Excerpted data
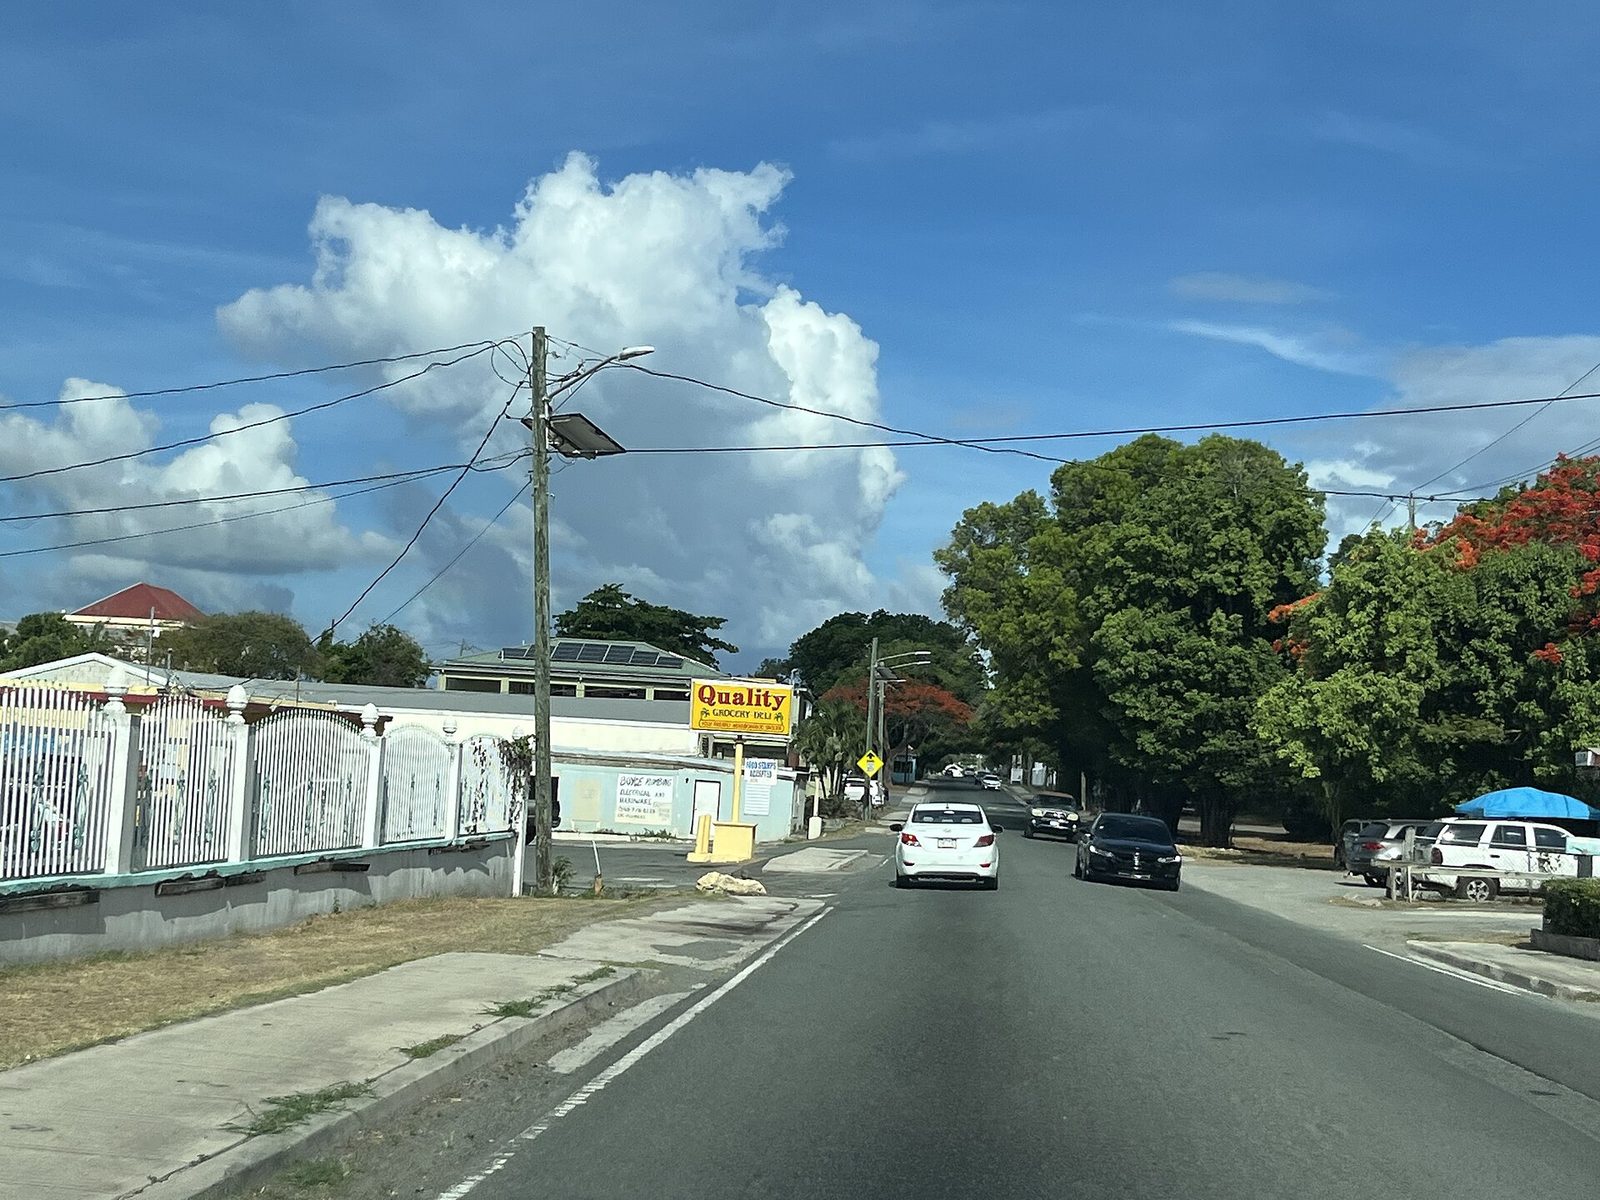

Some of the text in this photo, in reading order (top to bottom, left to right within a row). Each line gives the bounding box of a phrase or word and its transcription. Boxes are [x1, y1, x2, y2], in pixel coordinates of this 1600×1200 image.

[698, 685, 787, 711] Quality
[712, 708, 772, 720] GROCERY DELI
[746, 761, 757, 769] FOOD
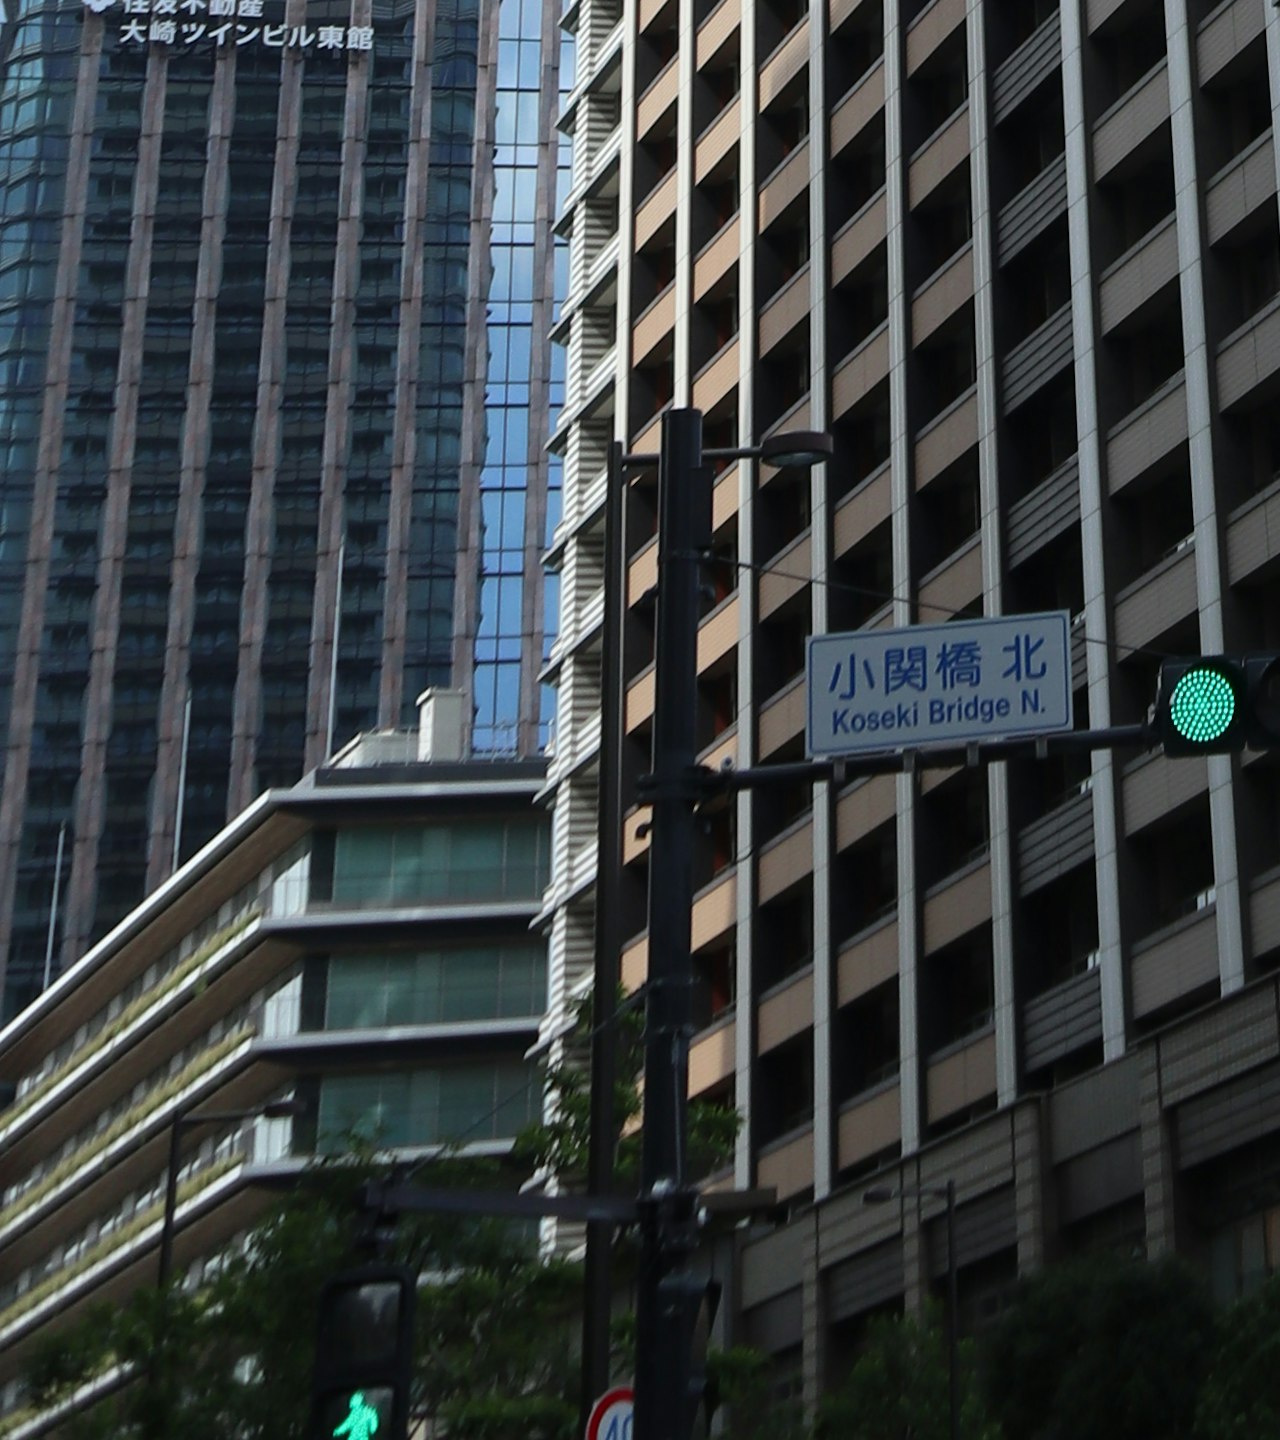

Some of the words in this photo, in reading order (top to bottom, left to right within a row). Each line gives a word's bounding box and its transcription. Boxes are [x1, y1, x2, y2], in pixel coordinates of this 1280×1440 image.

[119, 19, 374, 50] 大崎ツインビル東館
[829, 640, 982, 700] 小関橋
[1002, 633, 1047, 682] 北
[832, 701, 919, 735] Koseki
[929, 695, 1010, 725] Bridge
[1021, 688, 1046, 715] N.
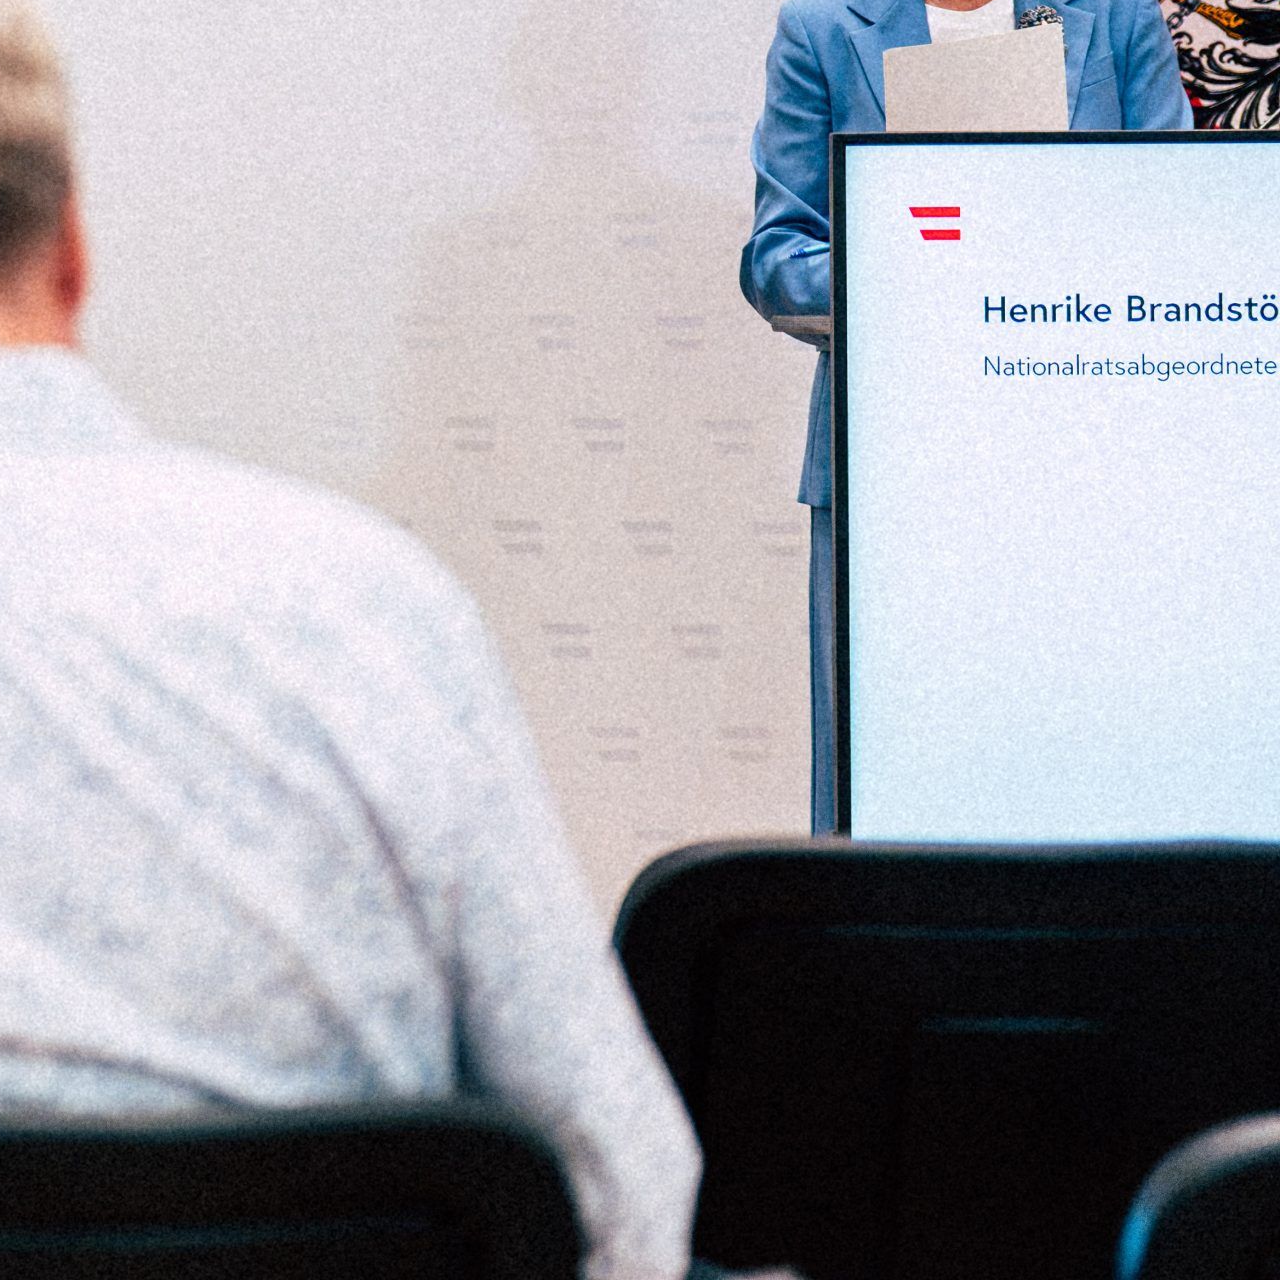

What you should do
In full and without changes, repeat the listing above, but not its pictures.

Exercise answer
Some of the text in this photo, in reading order (top to bottom, left to right within a row). Each line gives the bounding box of a phrase or word and its transcription. Boxes are [x1, y1, x2, y2], in pixel coordinates of this 1600×1200 image.

[698, 685, 787, 711] Quality
[712, 708, 772, 720] GROCERY DELI
[746, 761, 757, 769] FOOD

Some of the words in this photo, in reading order (top to bottom, left to right within a row). Each line gives a word's bounding box and its transcription. Boxes are [x1, y1, x2, y2], in pixel coordinates of this 1280×1440 image.

[119, 19, 374, 50] 大崎ツインビル東館
[829, 640, 982, 700] 小関橋
[1002, 633, 1047, 682] 北
[832, 701, 919, 735] Koseki
[929, 695, 1010, 725] Bridge
[1021, 688, 1046, 715] N.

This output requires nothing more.